Transbay Transit Center poised to open in Spring 2018
The Transbay Transit Center is poised to open in 2018. In addition to providing intermodal transit access throughout the Bay Area, the 1.2 million-square-foot Transit Center will feature more than 100,000 square feet of retail space and a signature 5.4-acre rooftop park, including an amphitheater and public plazas. Surrounding the Transit Center are numerous new developments underway that will ultimately include more than 6 million square feet of commercial space, about 4,400 new housing units (35% affordable to very low, low and moderate income households) and new public parks and open space.
Lincoln Property Company is leading the management team of the Transit Center’s public spaces, retail leasing, open space programming, and promotional platform, collaborating with Colliers International, Biederman Redevelopment Ventures, and Pearl Media. Collectively this team will lease and activate the Transit Center’s retail space, dynamic rooftop park and its promotional platform featuring more than 270 digital displays throughout the Transit Center. The Transit Center will connect eight Bay Area counties and 11 transit systems, including future California High-Speed Rail. Bus operations at the Transbay Transit Center are scheduled to start in early 2018. (To learn more updates about the Transbay Transit Center, visit them at www.TransbayCenter.org.)
Seifel Consulting has advised the Transbay Joint Powers Authority, the City and County of San Francisco and the former San Francisco Redevelopment Agency on the complex funding program for the Transit Center, the redevelopment of the surrounding area, and the implementation program for the Transit Center District Plan.
The Fort Mason Center for Arts & Culture (Fort Mason) is a nonprofit historic center located along San Francisco’s northern waterfront in the Golden Gate National Recreation Area. More than 20 nonprofit and arts organizations are permanent residents of Fort Mason, including the Pulitzer Prize-winning Magic Theatre, the well-established Cowell Theater and the internationally acclaimed Greens Restaurant.
Located in the beautifully renovated Pier 2, the San Francisco Art Institute (SFAI) is Fort Mason’s newest tenant. Working in close collaboration with Fort Mason, SFAI reinvented a 67,000-square-foot space on Pier 2 that includes more than 160 art studios for students, faculty and visiting artists, as well as 3,300 square feet of newly created public exhibition space that adjoins the existing Cowell Theater.

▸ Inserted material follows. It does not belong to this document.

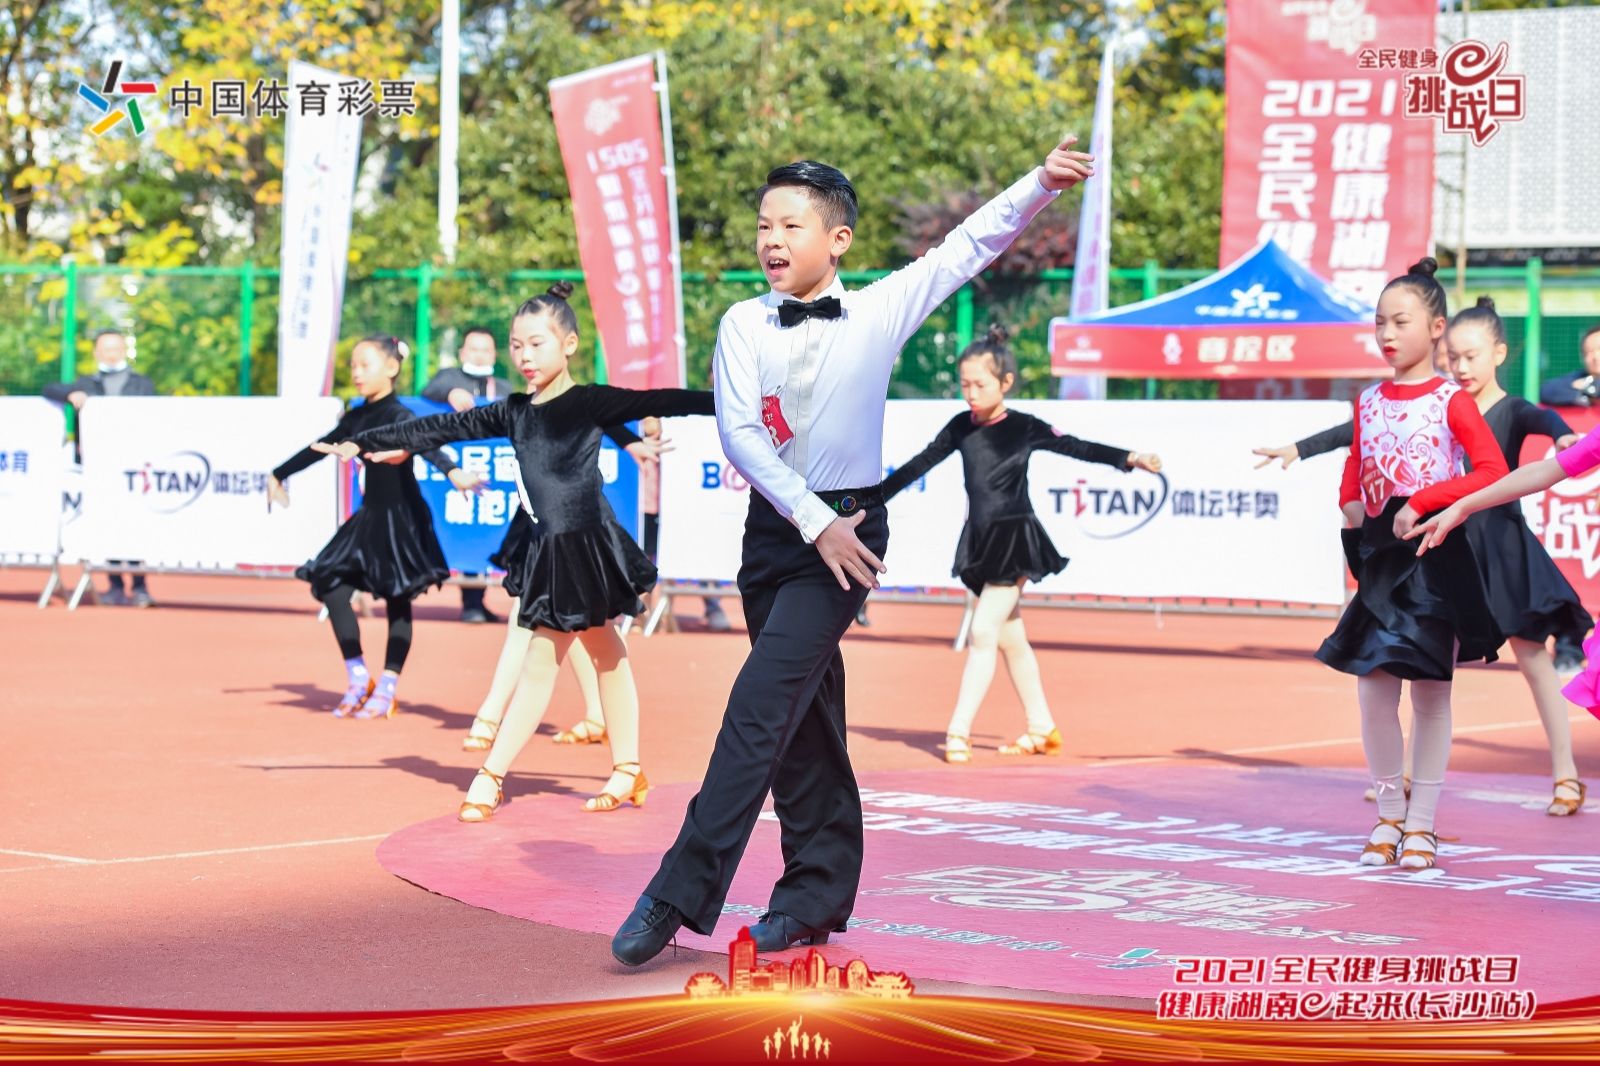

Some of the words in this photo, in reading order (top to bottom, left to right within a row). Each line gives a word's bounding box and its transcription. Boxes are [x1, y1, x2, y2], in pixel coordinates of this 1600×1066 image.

[1262, 79, 1398, 117] 2021
[212, 471, 290, 495] 体坛华
[1369, 477, 1386, 504] 17
[1171, 489, 1279, 519] 体坛华奥

To celebrate its new Fort Mason Campus, SFAI held a series of grand opening events in November 2017 and commissioned artists to share new works to celebrate the new building over the next year. SFAI alum and faculty Alicia McCarthy (BFA 1994) kicked off this series with a beautiful mural of interwoven color, energy, and gesture—visible throughout the entire space and shown near the top of the accompanying photo from SFAI’s grand opening.

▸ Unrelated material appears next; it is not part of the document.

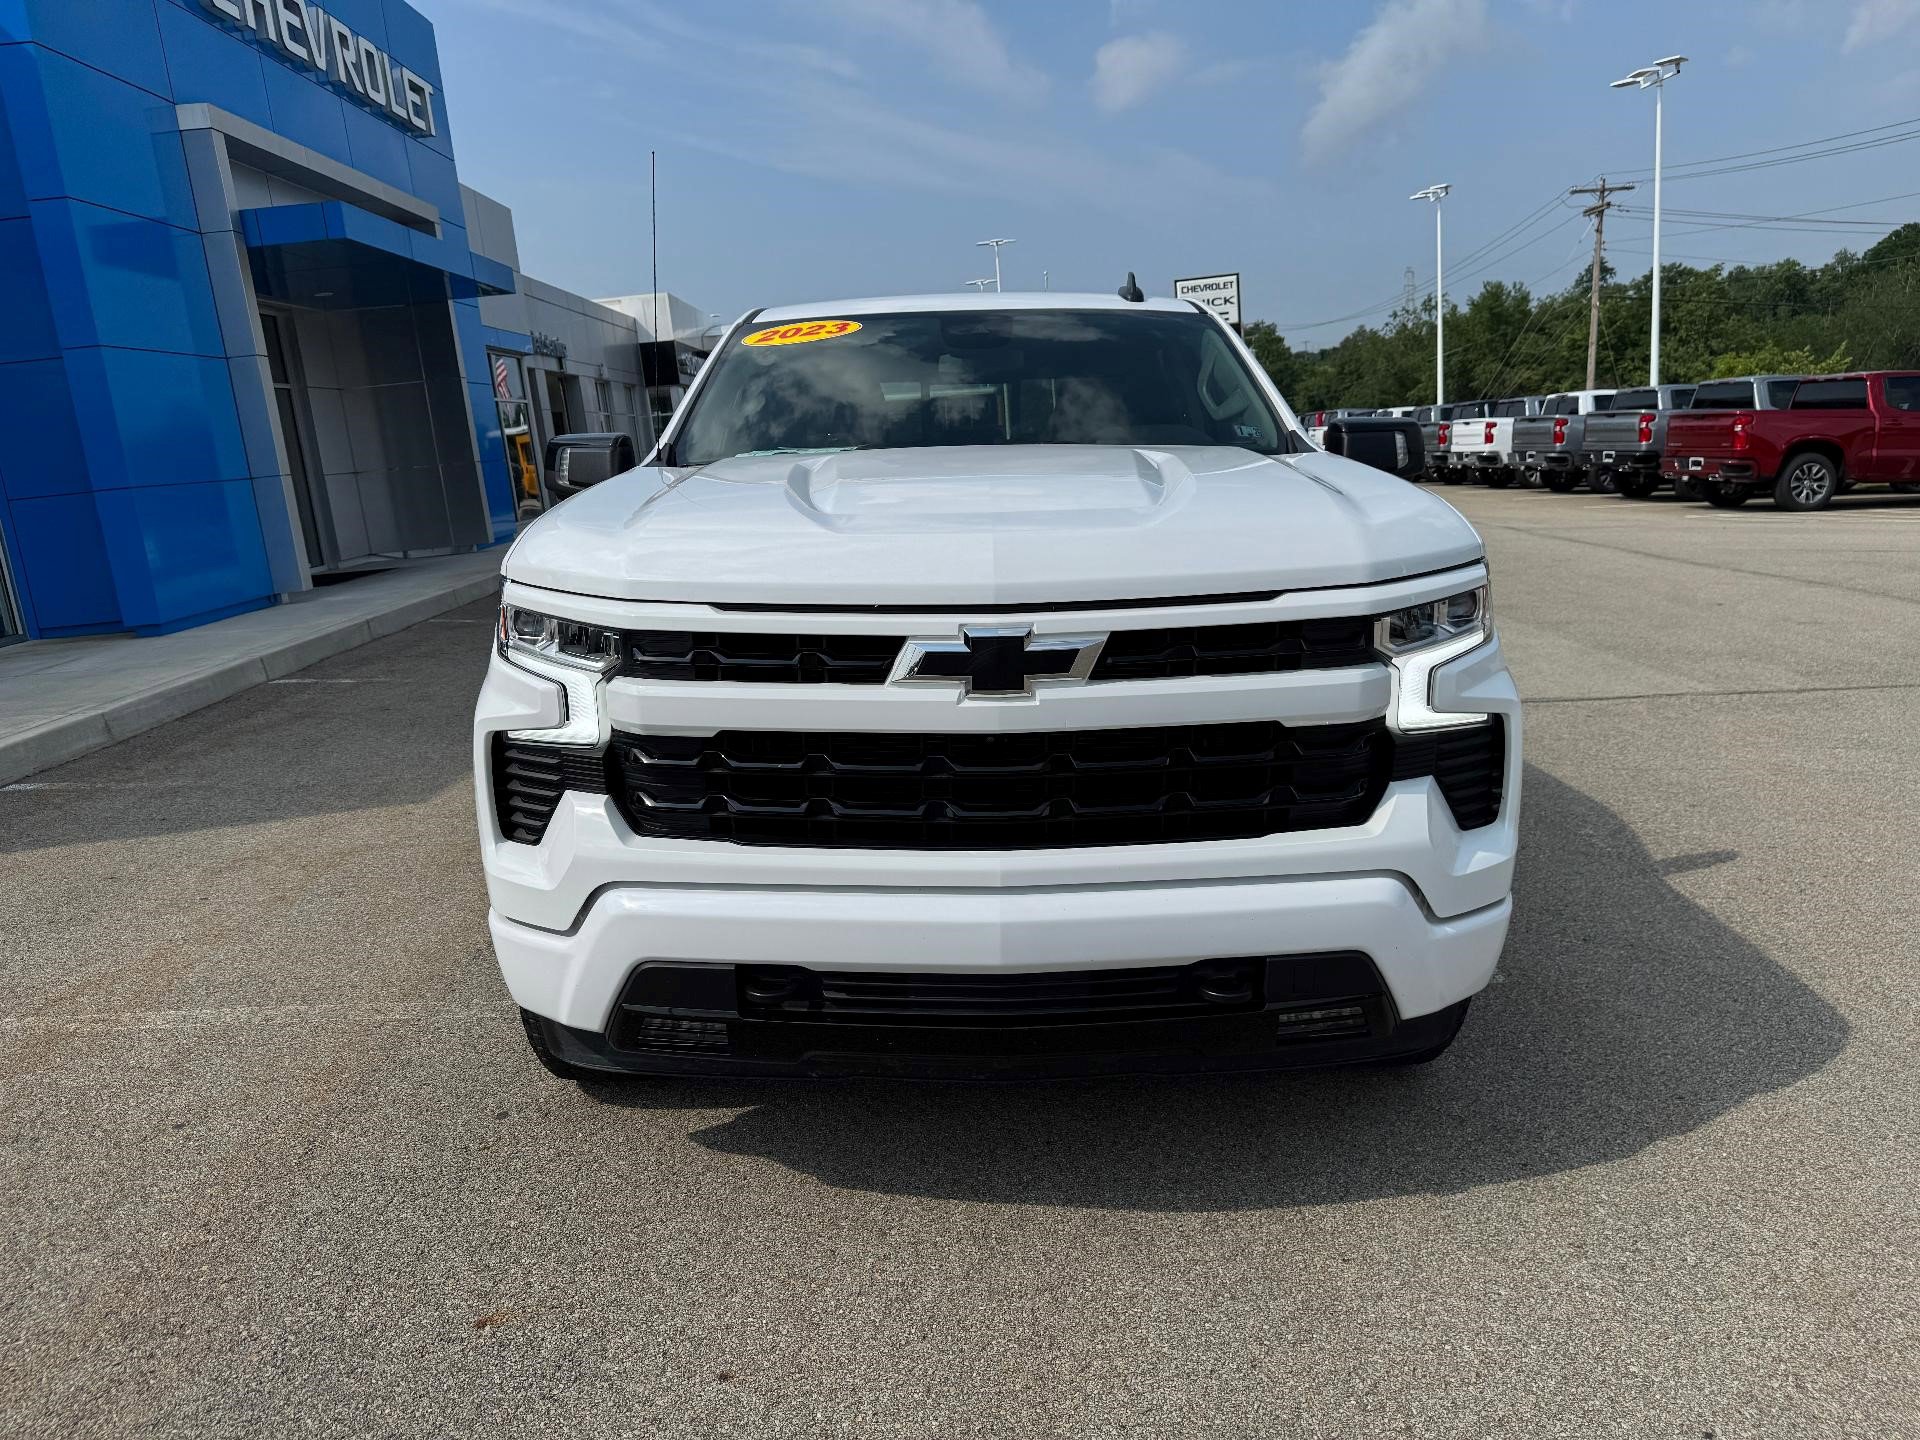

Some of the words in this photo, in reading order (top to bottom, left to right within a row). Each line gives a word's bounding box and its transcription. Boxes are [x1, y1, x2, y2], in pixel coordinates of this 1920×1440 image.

[1181, 281, 1234, 294] CHEVROLET
[1202, 296, 1235, 306] ICK
[753, 323, 851, 343] 2023

Seifel Consulting gratefully acknowledges SFAI, Fort Mason and the LAI Golden Gate Chapter for hosting an event in Fall 2017 to showcase the renovation of Pier 2, which was led by William Leddy and Marsha Maytum, founding Principals at LMS Architects who creatively designed Pier 2’s sustainable renovation. We also had a wonderful time at SFAI’s grand opening celebration meeting the talented array of SFAI students and faculty who exhibited their art works throughout Pier 2.